Tonight he’d have someone beside him, and with any luck, nine months from now, he’d have someone in his heart.
He’d vowed for better or worse. He’d do all he could to make everything better for her, but he’d live with worse if he had to.
He put his hand on the knob, turned it, and discovered she had locked him out.
By God, he had been challenged at every turn today, and he was damn tired of it. With a burst of rage that sent the blood rushing through his temples, he kicked in the door.
She screamed and flew out of the chair by the fire he’d built earlier in the hearth, clutching her brush to her breast.
“Never lock the door against me,” he said in a low menacing voice. “Not in my house.”
She shook her head and took a step back. “No, no, I wouldn’t. I know my duty. I … I was just preparing myself for you.”
Her duty. The words sounded incredibly harsh, but then what had he expected? She knew less about him than he knew of her because all she knew of him had come from her brothers, and it was obvious after the confrontation in his office and conversations held throughout the day that they had few kind words to say about him.
Her eyes were as large as a harvest moon, and he could see now that her brush was tangled in her hair. Tangled in her thick black hair that cascaded down to her narrow hips like a still waterfall.
She wore a white cotton shift with lace at the throat and tiny pearl buttons running down the front. Something a woman might sleep in.
As he took a step forward, he saw her bare toes curl. For some inexplicable reason, that small action touched him as nothing had all day. He glanced over at the door, hanging at an awkward angle, torn from the top hinges. He looked back at Cordelia. “I’ll send someone up to repair the door.”
She gave him a jerky nod. He walked from the room, rushed down the stairs, and stormed into the night. He saw Houston, standing by the wagon, kissing Amelia as though he hadn’t spent the whole day with her, wasn’t sharing the rest of his life with her. “Houston!”
Houston lifted his head and drew Amelia closer to him.
Dallas felt like a fool. A damn fool. “I need you to … to fix the door to my bedroom.”
“Fix it? What happened to it?”
“A little misunderstanding. I kicked it in, and now it’s hanging off the hinges. I thought it might be better if someone else repaired it.”
Dallas grunted when Amelia hit him in the stomach.

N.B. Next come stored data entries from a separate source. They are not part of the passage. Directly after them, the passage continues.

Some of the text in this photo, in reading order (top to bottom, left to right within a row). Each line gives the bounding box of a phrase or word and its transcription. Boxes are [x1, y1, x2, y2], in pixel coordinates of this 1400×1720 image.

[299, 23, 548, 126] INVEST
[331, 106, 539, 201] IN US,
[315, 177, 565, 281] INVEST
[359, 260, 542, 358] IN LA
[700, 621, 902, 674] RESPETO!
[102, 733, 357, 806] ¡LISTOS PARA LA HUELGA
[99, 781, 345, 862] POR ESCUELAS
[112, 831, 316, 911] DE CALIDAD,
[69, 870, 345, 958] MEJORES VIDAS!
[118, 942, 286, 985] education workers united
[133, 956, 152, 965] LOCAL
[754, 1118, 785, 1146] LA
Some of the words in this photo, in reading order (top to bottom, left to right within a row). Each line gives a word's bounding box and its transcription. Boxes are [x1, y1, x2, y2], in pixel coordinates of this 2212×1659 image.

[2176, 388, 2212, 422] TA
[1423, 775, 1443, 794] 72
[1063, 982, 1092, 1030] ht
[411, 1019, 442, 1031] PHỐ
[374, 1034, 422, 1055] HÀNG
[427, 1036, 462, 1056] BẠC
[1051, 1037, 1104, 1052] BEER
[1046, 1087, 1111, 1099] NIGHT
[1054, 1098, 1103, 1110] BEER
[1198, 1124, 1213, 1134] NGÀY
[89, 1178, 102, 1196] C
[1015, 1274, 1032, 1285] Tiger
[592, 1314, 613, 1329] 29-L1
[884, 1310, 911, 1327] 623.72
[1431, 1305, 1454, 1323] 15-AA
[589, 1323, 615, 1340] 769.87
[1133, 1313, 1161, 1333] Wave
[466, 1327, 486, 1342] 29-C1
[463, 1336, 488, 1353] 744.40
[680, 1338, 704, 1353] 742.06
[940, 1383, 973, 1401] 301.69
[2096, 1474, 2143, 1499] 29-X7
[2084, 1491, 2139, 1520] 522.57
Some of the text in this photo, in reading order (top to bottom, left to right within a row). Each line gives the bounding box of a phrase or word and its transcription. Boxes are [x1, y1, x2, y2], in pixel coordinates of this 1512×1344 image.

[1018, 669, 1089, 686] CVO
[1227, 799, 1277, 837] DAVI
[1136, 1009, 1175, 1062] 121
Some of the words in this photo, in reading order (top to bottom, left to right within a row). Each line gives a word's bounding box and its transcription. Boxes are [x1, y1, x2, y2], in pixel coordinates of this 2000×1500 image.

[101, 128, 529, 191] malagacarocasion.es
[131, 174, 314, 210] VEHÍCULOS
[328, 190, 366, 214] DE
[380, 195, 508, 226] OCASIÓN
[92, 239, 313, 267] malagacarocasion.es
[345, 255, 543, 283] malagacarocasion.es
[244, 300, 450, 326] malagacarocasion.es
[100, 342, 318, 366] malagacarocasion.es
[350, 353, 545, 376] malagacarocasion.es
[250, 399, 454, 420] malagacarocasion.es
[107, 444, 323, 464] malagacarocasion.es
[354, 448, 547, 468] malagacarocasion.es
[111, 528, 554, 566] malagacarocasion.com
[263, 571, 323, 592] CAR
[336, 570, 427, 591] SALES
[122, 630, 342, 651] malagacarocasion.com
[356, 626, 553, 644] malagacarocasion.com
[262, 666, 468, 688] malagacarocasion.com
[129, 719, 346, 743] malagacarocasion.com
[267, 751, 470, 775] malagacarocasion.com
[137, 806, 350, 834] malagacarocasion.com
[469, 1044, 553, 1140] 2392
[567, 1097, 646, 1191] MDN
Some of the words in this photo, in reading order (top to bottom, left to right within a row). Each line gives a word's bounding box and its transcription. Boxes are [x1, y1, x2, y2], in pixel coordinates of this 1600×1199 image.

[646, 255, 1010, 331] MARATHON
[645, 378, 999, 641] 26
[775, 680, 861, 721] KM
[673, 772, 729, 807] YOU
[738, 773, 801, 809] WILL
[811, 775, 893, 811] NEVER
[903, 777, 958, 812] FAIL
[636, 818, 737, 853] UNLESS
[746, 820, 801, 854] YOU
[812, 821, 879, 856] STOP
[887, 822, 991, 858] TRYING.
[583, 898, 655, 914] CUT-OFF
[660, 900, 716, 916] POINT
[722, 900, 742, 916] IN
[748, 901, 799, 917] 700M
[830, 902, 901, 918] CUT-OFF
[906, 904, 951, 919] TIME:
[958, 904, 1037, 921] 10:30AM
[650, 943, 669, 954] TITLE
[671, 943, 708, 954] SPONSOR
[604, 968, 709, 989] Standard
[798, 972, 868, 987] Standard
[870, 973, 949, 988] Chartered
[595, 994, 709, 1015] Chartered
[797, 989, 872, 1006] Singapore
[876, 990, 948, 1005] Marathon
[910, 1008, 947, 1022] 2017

“Watch our daughter,” she ordered.
Amelia and Houston hurried into the house. Dallas walked to the back of the wagon and glanced inside. Maggie lay on a bundle of blankets, the kitten Dallas had given her curled within the curve of her stomach. “Wouldn’t you like to have a little boy to play with?” he asked quietly.
He caught sight of a movement out of the corner of his eye. Austin was weaving toward the wagon. “Austin?”
Austin stumbled to a stop. “What?”
“Watch Maggie. I need a drink.”
He ignored Austin’s groan as he headed into the house.
Cordelia was shaking so badly that she didn’t think she’d ever be warm. Amelia had added wood to the fire, but Cordelia still felt cold, so cold. Amelia had draped a blanket around Cordelia’s shoulders but that hadn’t brought any warmth with it either.
“I can’t stay here,” she whispered.
Amelia knelt before her and took her hands. “It’ll be all right.”
Cordelia shook her head. “My brother Duncan told me that you had married Dallas and that he had been so cruel that you left after only a week.”
Cordelia saw a spark of anger ignite within the green depths of Amelia’s eyes.
“Is that what he said?”
Cordelia nodded. “I can understand why you left him.”